TRUCIOLO

Bucco dopo tanti anni, senza una precisa ragione, decise di tornare a visitare il paese di sua madre. Un borgo tutto tafani e noia nel quale aveva vissuto gran parte dell’infanzia e dell’adolescenza. Pochi i Parenti rimasti, solo cugini di quelli che sono auguri a Pasqua, Natale e basta.
Bucco per prima cosa si recò nella piazza del mercato. Lì un tempo, per la Madonna della Neve, patrona del posto, ci arrivavano le giostre e le baracche di scalcinati Luna Park. Lì, sempre per i giorni della festa patronale, qualche rara volta ci arrivava il circo. Gran daffare davvero chiamare circo quella roba là: senza tendone, quattro sedie messe in tondo attorno a due clown senza arte né parte e a un immancabile vecchio lanciatore di coltelli.

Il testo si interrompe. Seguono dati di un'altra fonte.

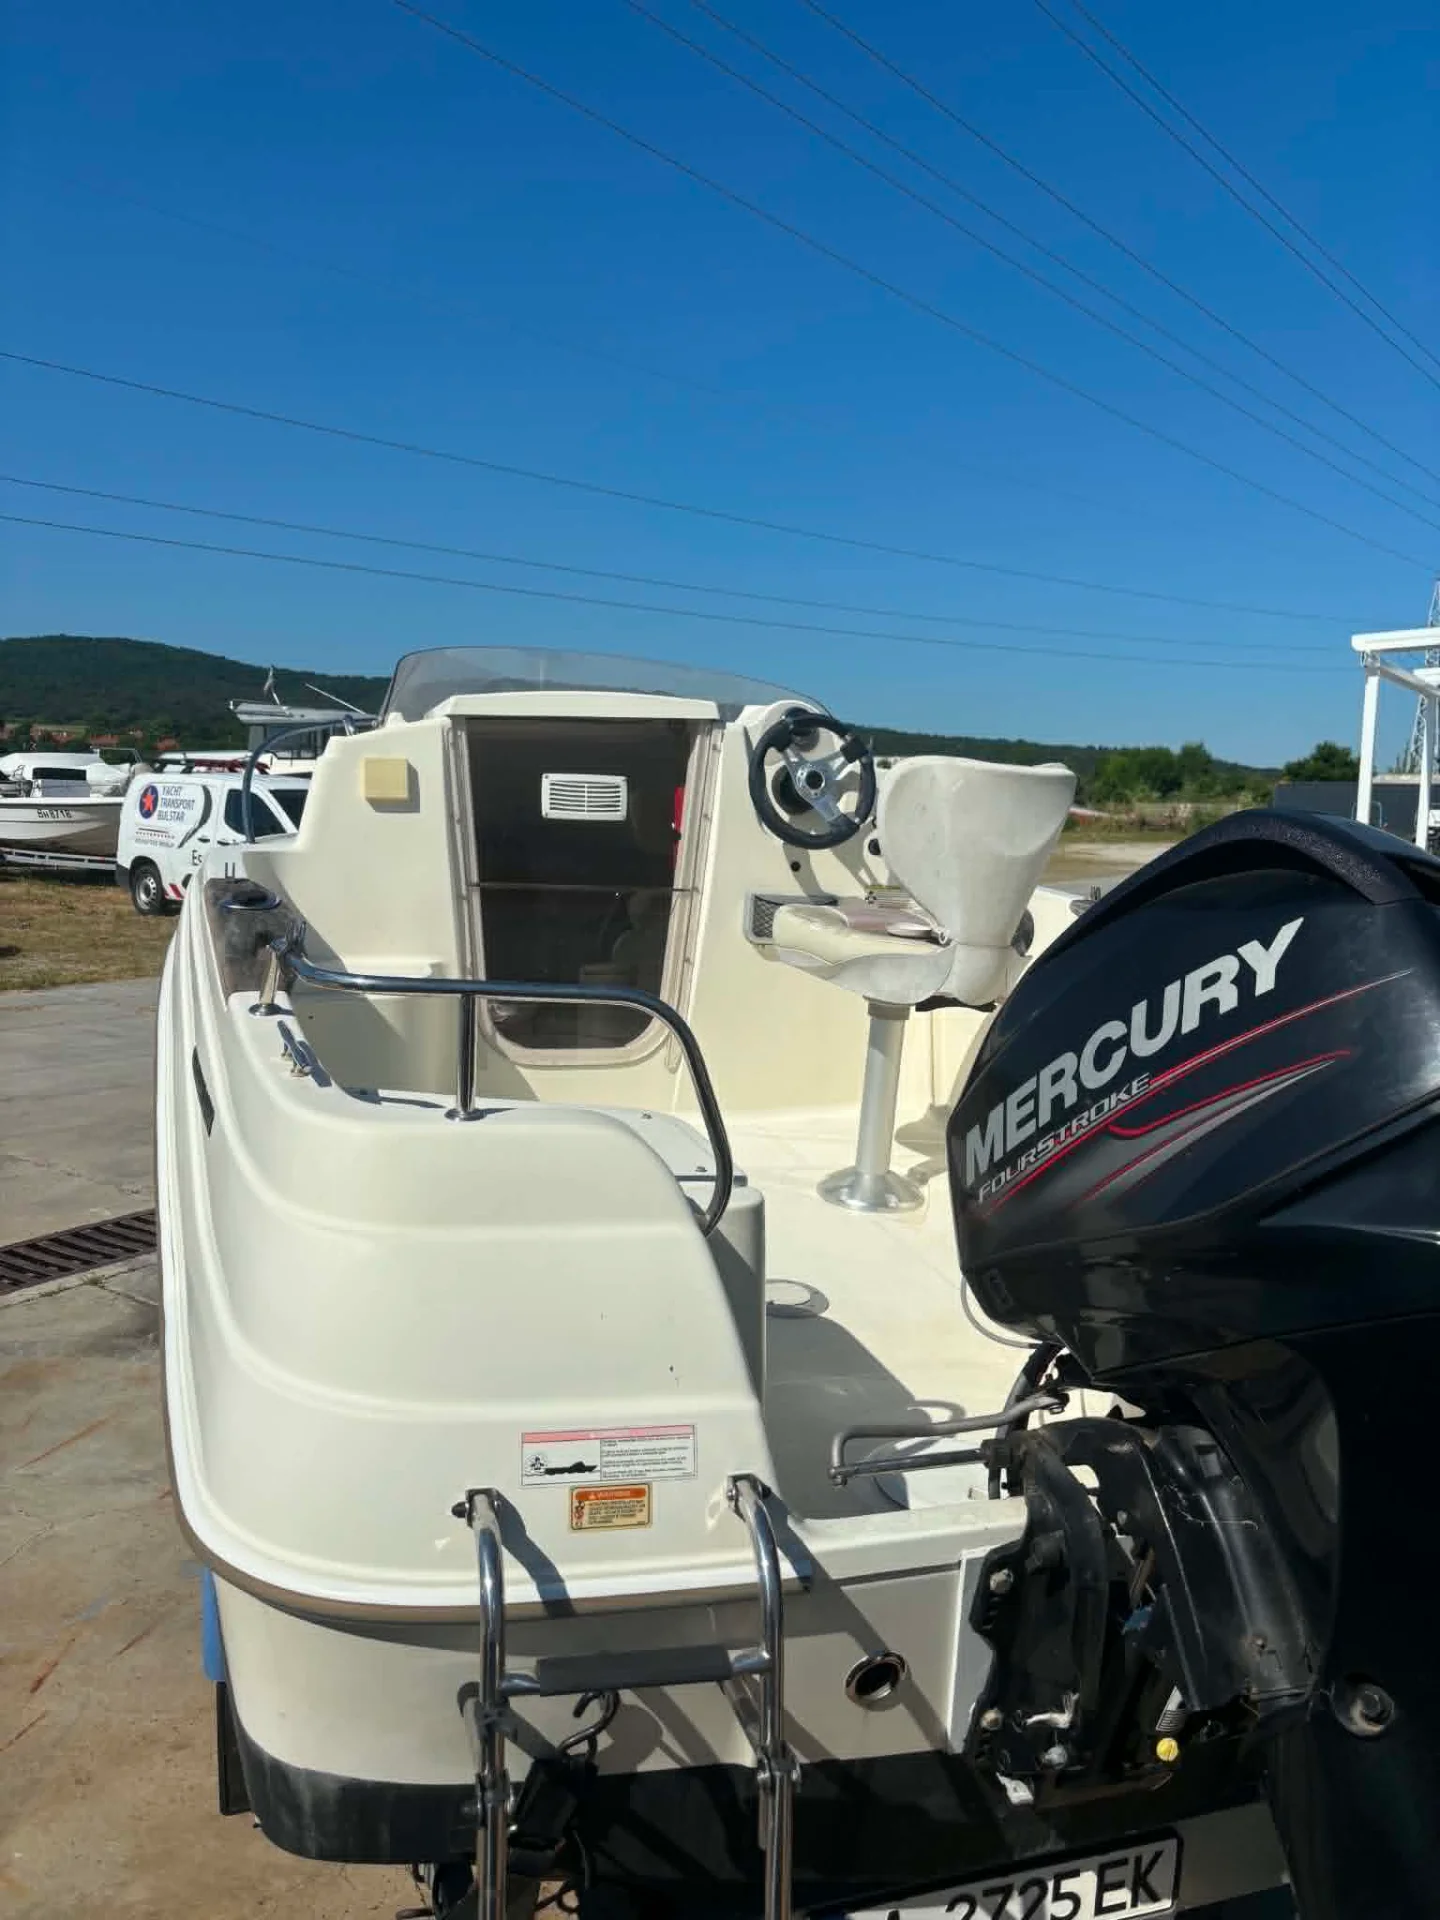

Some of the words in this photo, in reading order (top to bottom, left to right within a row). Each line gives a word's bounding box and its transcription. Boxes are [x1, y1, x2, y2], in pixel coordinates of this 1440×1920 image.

Il paese sembrava essersi impoverito col passare degli e la noia di un tempo aveva fatto ragnatele in tutto e per tutto: abbassate definitivamente le saracinesche dei negozietti che vendevano di ogni cosa, perché i proprietari, oltre a quella naturale, avevano conosciuto la morte per inedia per via di quel grande centro commerciale tirato su lì vicino al paese.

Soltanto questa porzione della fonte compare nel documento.